Um novo membro da equipe de Técnicos de Saúde Mental chamado Carlos foi contratado e recebeu dever de observação. Lembro-me de acordar uma noite em que Carlos estava ao lado da minha cama, de pé rezando um rosário. Quando o perguntei sobre aquilo, ele disse que estava orando pela minha alma pois ele tinha visto espíritos sombrios que me cercavam.

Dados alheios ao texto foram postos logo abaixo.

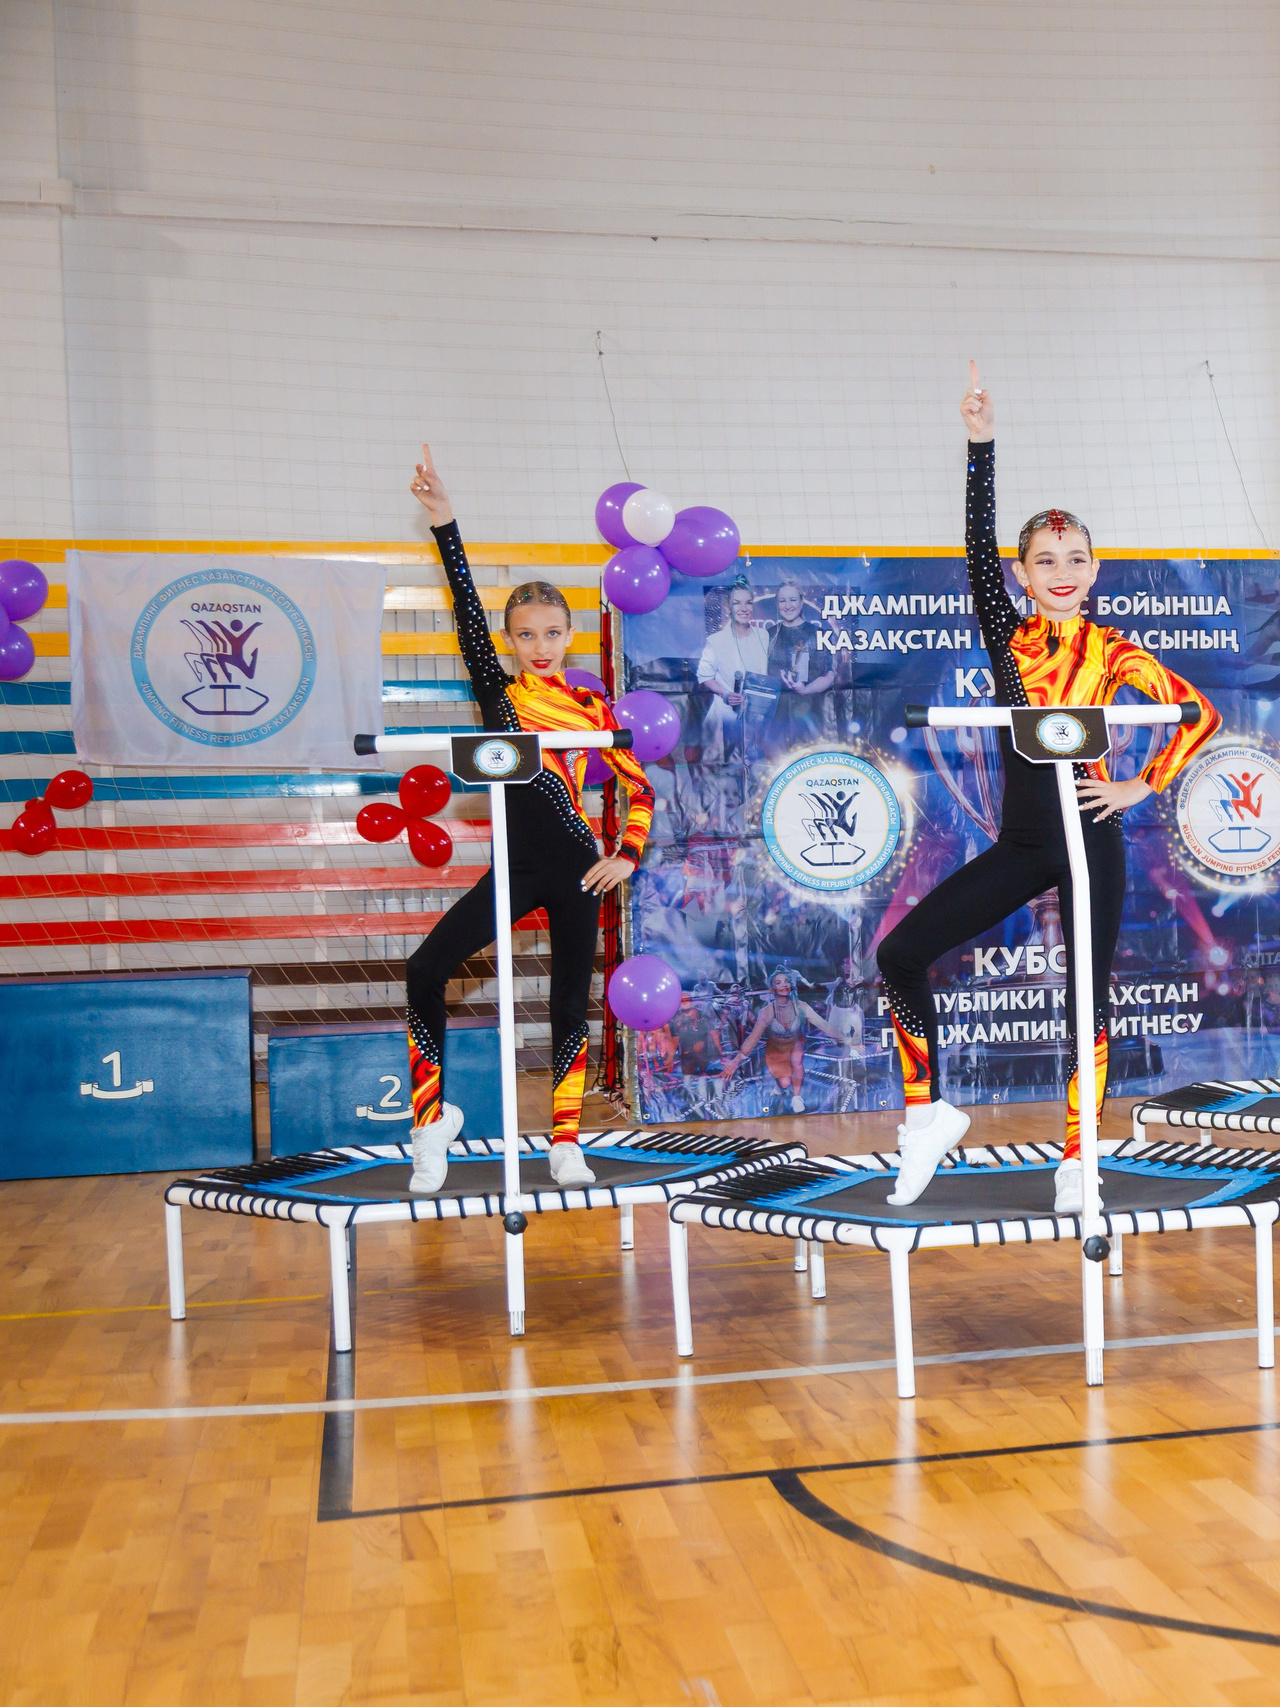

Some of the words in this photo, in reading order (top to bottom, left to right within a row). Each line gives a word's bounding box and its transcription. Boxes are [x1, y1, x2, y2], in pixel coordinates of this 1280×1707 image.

[160, 575, 200, 602] ФИТНЕС
[265, 585, 315, 662] РЕСПУБЛИКАСЫ
[191, 602, 262, 614] QAZAQSTAN
[1097, 591, 1232, 616] БОЙЫНША
[816, 629, 972, 654] ҚАЗАҚСТАН
[140, 680, 170, 720] JUMPING
[169, 716, 208, 742] FITNESS
[210, 730, 259, 744] REPUBLIC
[260, 720, 274, 735] OF
[786, 758, 817, 779] ФИТНЕС
[806, 778, 859, 787] QAZAQSTAN
[1180, 764, 1205, 810] ФЕДЕРАЦИЯ
[1204, 749, 1249, 767] ДЖАМПИНГ
[771, 845, 794, 873] JUMPING
[793, 868, 820, 887] FITNESS
[821, 879, 855, 888] REPUBLIC
[855, 874, 866, 882] OF
[865, 834, 896, 877] KAZAKHSTAN
[1182, 823, 1203, 855] RUSSIAN
[1202, 855, 1234, 872] JUMPING
[1235, 861, 1267, 873] FITNESS
[974, 945, 1067, 977] КУБО
[1110, 1013, 1204, 1038] ИТНЕСУ
[102, 1050, 122, 1087] 1
[379, 1074, 402, 1108] 2
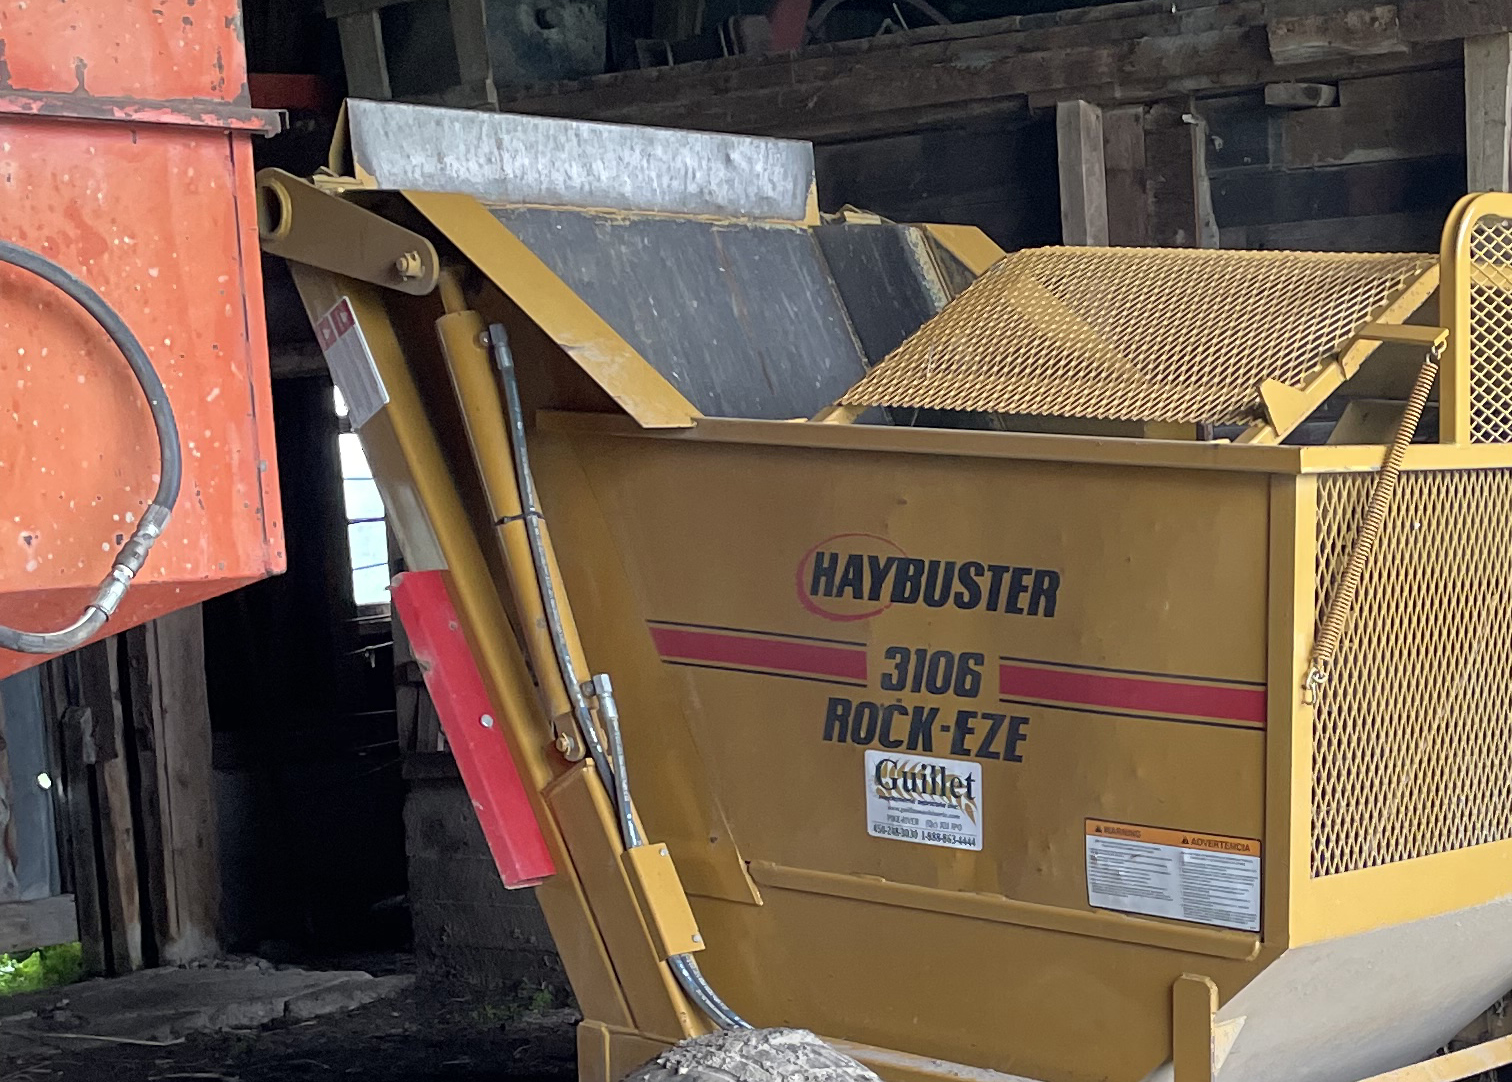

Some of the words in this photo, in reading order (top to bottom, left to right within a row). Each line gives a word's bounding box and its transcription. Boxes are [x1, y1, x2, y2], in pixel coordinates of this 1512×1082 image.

[810, 552, 1061, 617] HAYBUSTER
[880, 646, 985, 699] 3106
[822, 697, 1031, 762] ROCK-EZE
[874, 758, 976, 801] Guillet
[1190, 836, 1251, 852] ADVERTENCIA

Eu estava inclinado a acreditar nele e, durante cada turno, em que Carlos trabalhou, ele rezava por mim. Os cortes e as sensações de hemorragia se tornaram menos frequentes e fui finalmente enviado de volta ao meu quarto. Carlos polvilhou água sagrada ao redor da sala e colocou um desenho ornamentado de uma cruz na parede feito pelo seu primo. A partir desse ponto, nunca mais vi Rafael ou Vinícius no meu quarto novamente.

 

Eu fui reintroduzido no ambiente comum da instalação em agosto de 1997. Neste ponto, eu tinha quase 1,82 de altura e eu estava magro, quiçá raquítico. Eu estava desnutrido e quase completamente não comunicativo. Não falei. Eu raramente respondia às perguntas. Eu me sentara durante os dias até que eles se misturassem. Durante os próximos cinco meses, eu seria visitado uma vez por dia pelo mesmo advogado esquisito de antes e o diretor. Cada dia, eu seria oferecido a opção de ir para casa se eu apenas assinasse o documento concordando com sua História Oficial. Todos os dias por cinco meses eu dizia que não. Foi a última semana de novembro, quando eu finalmente não aguentei e assinei o documento.

 

Não fui enviado para casa imediatamente. Passei mais um mês respondendo perguntas e contando a história oficial para os policiais que vieram fechar a investigação. Cada vez que eu contava a história do jeito que eu tinha treinado, me sentia morrendo um pouco mais por dentro. Vinícius morreu me mantendo seguro e, em sua memória, eu estava manchando seu nome ainda mais. Em 29 de dezembro de 1997, recebi um bilhete de avião e uma escolta de adultos de volta aos meus pais. Depois de passar quase dois anos nesse lugar abandonado por Deus, fui enviado para casa. Meus pais não tinham ideia do que eu tinha passado, ninguém havia contado a eles. Tudo o que eles sabiam é que eles me entregaram para um hospital psiquiátrico para avaliação e que eles me recuperaram dois anos depois, quase catatônico e com mais medicação do que seria necessário para sedar um elefante.

 

Isso foi há dezessete anos e ainda estou aqui. Eu vivo uma vida normal. Eu tenho uma esposa e um filho. Eu vivo em um bairro agradável e eu dirijo um veículo decente. Por todas as aparências externas pareço normal, mas não sou. Eu sou um indivíduo muito perturbado e é devido em grande parte aos eventos que descrevi. Se você gastar tempo suficiente, você encontrará outras histórias como a minha. Outros sobreviventes do sistema de saúde mental deste país também fizeram parecer algo que se assemelhava ao normal. O resto sucumbiu ao horror que é a vida nesses lugares e acabou morto ou na prisão após a libertação.

 

Há cerca de oitocentos mil adolescentes e jovens adultos em cuidados psiquiátricos de longo prazo. A maioria está mentalmente doente. Mesmo assim, você tem alguns casos como eu. Crianças que foram enviadas pela recomendação de um conselheiro da escola que recebeu dois mil reais por cada referência e um juiz que recebeu o mesmo. Por que eu fui enviado ao conselheiro da escola? Qual foi a minha infração tão grave que fui condenado sem crime, a um destino tão terrível? Colei na prova de matemática da sétima série.

 

Isso pode acontecer com qualquer um. Tudo o que é preciso: um indivíduo que preencha uma declaração jurada alegando que é um perigo para si ou para outros e então acabará em uma espera de setenta e duas horas. Cometa o menor erro durante esse período e você irá para o longo prazo. Não importa o quão são ou racional seja. Estes lugares têm uma maneira de transformá-lo em um monstro. Fará coisas que jamais imaginaria possível e levará a culpa pelo resto de sua vida. Quer horror? Quer o tipo de história insana e aterrorizante que o mantém acordado à noite? Visite um desses centros de tratamento de saúde mental.

 

Ainda tenho pesadelos com o Rafael.

 

Programador, sonhando em ser escritor e falhando em ser humorista.